The only AI I want to see 'creating' works of art is one that has no ability to directly lift elements of other peoples' (often copyrighted, so it's not just plagiarism but also theft) work.
 
"Should we allow" is a strange way of putting it, because at this point you can't really stop it from happening.
Eh, what? This is specifically about how the people who frequent this subforum feel about allowing or disallowing AI generated contributions. It’s not about whether AI generated fan fiction can be stopped or not. It’s about finding a consensus as to what is the agreed upon standard for posting creative works here. It’s about establishing a norm or sort of moral code of what goes and what doesn’t. Sure, the question that follows might be about how to go about bringing forth this standard, and the difficulty this might present. But that’s not what I understood this to be about.

When a society figures out what their established norms and morals are, the question of how to enforce them must be secondary. There’s so many societal norms and standards that are not and could never really be enforced. Think of stuff like being truthful, being kind to others, dress codes etc., in most cases it’s impossible to really stop someone from not adhering to them. But this doesn’t mean that it’s not important for a society to reach a consensus on what these norms are.
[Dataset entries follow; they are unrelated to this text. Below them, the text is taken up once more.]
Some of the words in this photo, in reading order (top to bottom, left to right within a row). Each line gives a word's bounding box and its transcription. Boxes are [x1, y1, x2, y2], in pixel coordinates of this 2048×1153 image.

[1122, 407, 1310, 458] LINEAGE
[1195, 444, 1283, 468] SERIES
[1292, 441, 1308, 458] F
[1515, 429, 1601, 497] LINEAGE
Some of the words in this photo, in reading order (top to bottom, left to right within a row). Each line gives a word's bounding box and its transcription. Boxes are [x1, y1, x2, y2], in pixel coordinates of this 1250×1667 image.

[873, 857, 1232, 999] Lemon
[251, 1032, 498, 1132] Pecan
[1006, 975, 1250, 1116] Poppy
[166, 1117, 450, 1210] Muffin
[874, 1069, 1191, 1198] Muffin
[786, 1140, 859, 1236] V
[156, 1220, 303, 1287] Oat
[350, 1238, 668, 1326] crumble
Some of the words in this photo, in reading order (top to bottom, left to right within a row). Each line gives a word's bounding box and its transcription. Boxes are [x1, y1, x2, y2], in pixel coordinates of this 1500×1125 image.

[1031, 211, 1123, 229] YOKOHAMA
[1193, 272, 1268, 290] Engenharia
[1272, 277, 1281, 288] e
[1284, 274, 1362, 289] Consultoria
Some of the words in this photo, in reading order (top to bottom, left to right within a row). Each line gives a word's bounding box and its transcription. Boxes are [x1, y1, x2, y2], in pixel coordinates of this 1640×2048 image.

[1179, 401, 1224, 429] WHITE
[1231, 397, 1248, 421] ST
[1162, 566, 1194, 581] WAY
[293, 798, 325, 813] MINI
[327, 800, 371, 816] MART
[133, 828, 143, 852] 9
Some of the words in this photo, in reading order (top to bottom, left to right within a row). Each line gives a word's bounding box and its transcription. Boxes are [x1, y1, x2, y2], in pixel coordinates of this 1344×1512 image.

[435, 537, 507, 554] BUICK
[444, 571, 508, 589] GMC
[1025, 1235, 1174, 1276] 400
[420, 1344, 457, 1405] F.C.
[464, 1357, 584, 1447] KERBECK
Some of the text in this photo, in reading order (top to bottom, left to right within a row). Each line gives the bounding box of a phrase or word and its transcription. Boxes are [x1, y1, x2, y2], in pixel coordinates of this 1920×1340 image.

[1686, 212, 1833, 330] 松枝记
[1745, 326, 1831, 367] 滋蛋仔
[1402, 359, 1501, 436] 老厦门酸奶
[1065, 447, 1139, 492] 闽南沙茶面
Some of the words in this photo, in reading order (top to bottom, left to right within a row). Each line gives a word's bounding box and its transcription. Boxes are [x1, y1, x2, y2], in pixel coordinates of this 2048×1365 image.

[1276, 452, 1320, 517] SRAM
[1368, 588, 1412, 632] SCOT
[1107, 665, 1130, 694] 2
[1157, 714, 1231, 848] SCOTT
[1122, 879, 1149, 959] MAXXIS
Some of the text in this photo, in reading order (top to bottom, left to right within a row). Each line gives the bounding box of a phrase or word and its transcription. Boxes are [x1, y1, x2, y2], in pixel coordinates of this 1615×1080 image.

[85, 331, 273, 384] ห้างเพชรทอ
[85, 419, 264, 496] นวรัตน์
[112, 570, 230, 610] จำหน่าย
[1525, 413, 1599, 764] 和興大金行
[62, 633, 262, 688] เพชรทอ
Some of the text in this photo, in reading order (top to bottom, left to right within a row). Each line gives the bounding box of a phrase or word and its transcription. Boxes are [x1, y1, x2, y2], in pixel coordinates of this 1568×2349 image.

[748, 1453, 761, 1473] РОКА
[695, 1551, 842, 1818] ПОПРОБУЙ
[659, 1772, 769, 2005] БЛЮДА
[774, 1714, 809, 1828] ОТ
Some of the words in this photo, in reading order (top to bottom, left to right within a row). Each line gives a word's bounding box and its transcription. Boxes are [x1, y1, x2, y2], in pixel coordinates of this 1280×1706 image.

Training an AI on existing content is no different from training a human on existing content.
Well, I certainly view these very differently. The human imagination is not like an algorithm trying to piece together the data it’s being fed in a way that tries to appear like an original idea. Sure, feeding the human imagination with art that’s already out there in the world can help form it, but there’s also room for stuff like complete randomness, individual quirks and sensibilities, intuition, self-awareness or ethics and morals. The human imagination has the ability to generate completely new ideas and concepts that are not explicitly derived from existing data. Humans can think beyond the constraints of already existing patterns and rules, while AI algorithms operate based on patterns and data they have been trained on, which means they can never have a truly original idea.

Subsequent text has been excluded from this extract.